Integrating new knowledge without catastrophic interference: Computational and theoretical investigations in a hierarchically structured environment
Abstract: According to complementary learning systems theory, integrating new memories into a multi-layer neural network without interfering with what is already known depends on interleaving presentation of the new memories with ongoing presentations of items previously learned. I use deep linear neural networks in hierarchically structured environments previously analyzed by Saxe, McClelland, and Ganguli (SMG) to gain new insights into this process. For the environment I will consider in this talk, its content can be described by the singular value decomposition (SVD) of the environment's input-output covariance matrix, in which each successive dimension corresponds to categorical split in the hierarchical environment. Prior work showed that deep linear networks are sufficient to learn the content of the environment, and they do so in a stage-line way, with each dimension strength rising from near-zero to its maximum strength after a delay inversely proportional to the strength of the dimension, as previously demonstrated by Saxe et al. Several observations are then accessible when we consider learning a new item previously not encountered in the micro-environment. (1) The item can be examined in terms of its projection onto the existing structure, and whether it adds a new categorical split. (2) To the extent the item projects onto existing structure, including it in the training corpus leads to the rapid adjustment of the representation of the categories involved, and effectively no adjustment occurs to categories onto which the new item does not project at all. (3) Learning a new split is slow, and its learning dynamics show the same delayed rise to maximum that depends on the dimension's strength. These observations them motivate the development of a similarity-weighted interleaved learning scheme in which only items similar to the to-be-learned new item need be presented to avoid catastrophic interference.

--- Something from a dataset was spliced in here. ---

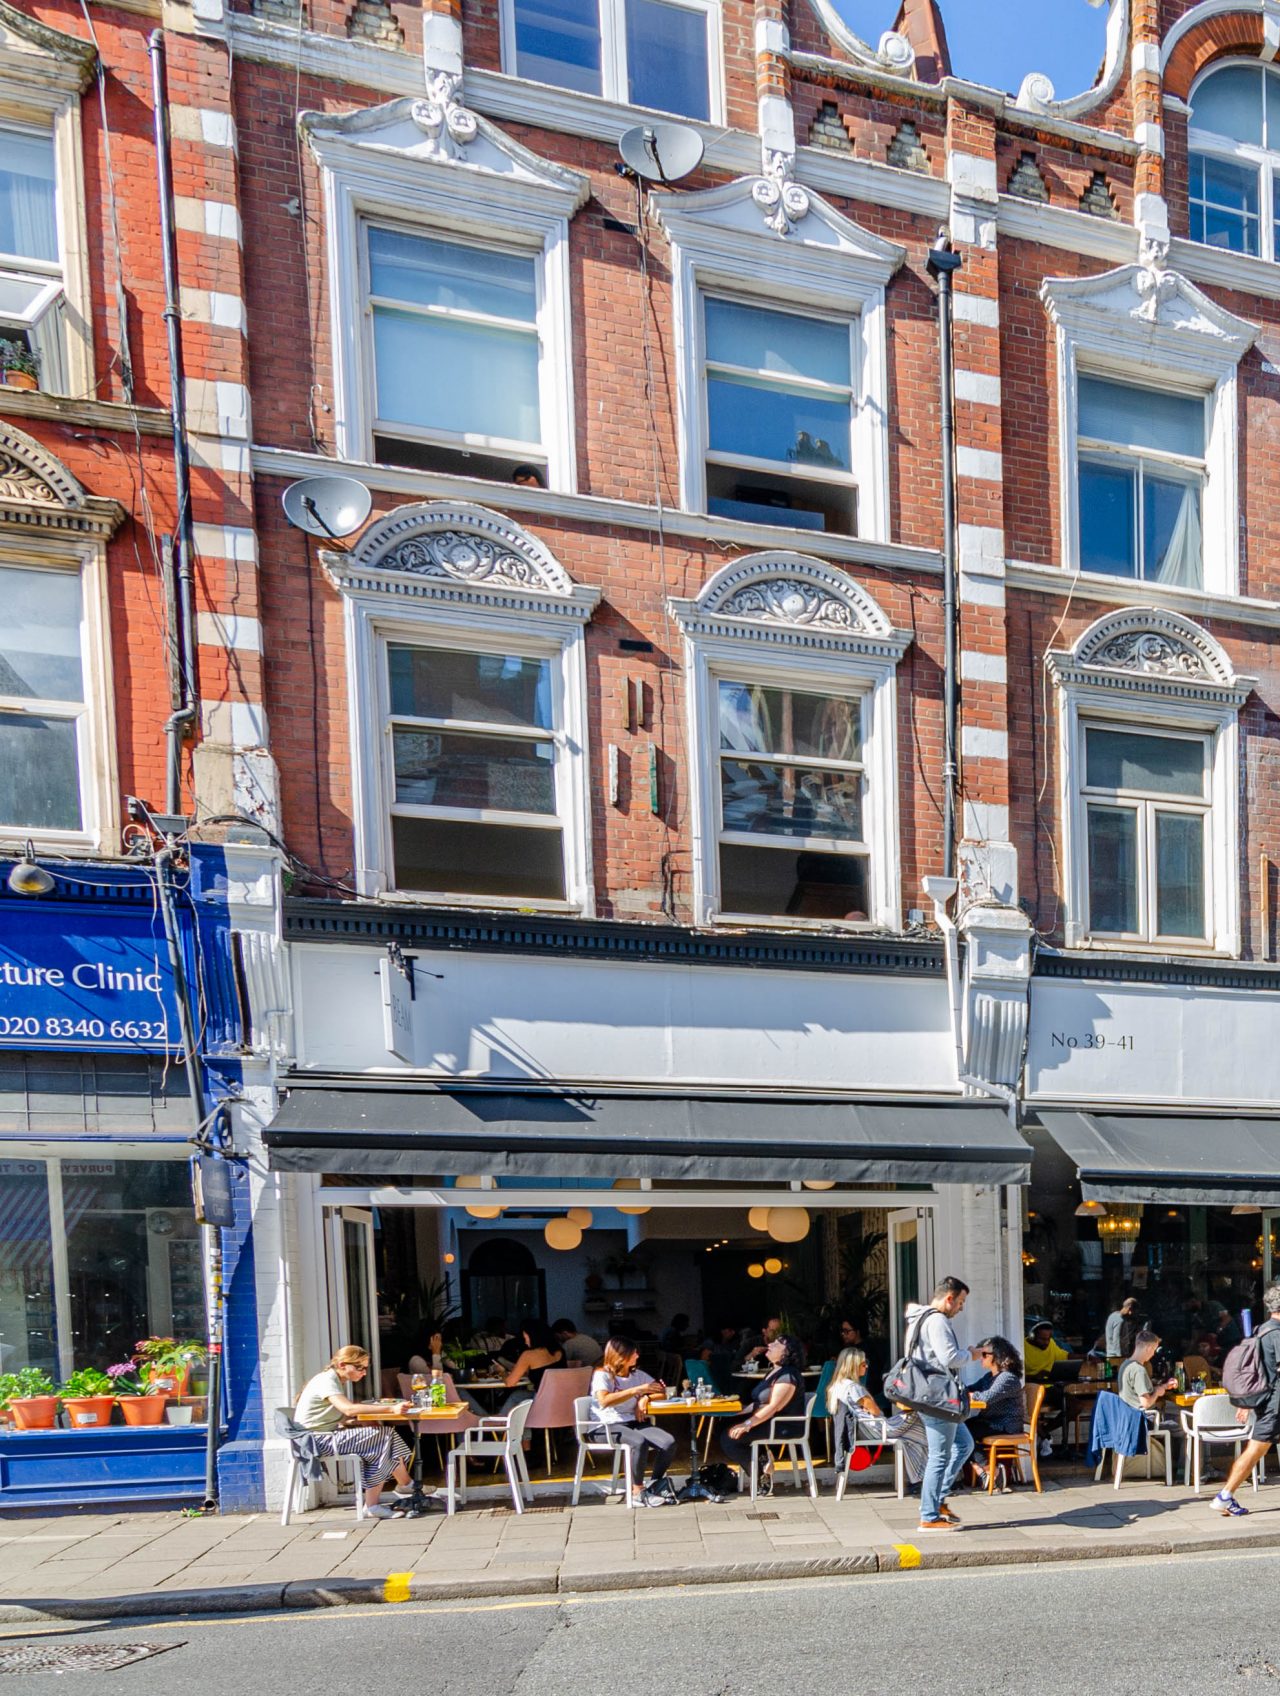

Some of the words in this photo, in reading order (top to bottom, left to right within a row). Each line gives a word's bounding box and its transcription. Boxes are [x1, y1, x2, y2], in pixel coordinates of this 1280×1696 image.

[72, 962, 163, 992] Clinic
[46, 1018, 104, 1038] 8340
[110, 1020, 167, 1041] 6632
[1051, 1032, 1078, 1049] No

About the speaker: Jay McClelland received his Ph.D. in Cognitive Psychology from the University of Pennsylvania in 1975. He served on the faculty of the University of California, San Diego, before moving to Carnegie Mellon in 1984, where he became a University Professor and held the Walter Van Dyke Bingham Chair in Psychology and Cognitive Neuroscience. He was a founding Co-Director of the Center for the Neural Basis of Cognition, a joint project of Carnegie Mellon and the University of Pittsburgh. In 2006 McClelland moved to the Department of Psychology at Stanford University, where he served as department chair from fall 2009 through summer 2012. He is currently the Lucie Stern Professor in the Social Sciences, and the founding Director of the Center for Mind, Brain and Computation at Stanford.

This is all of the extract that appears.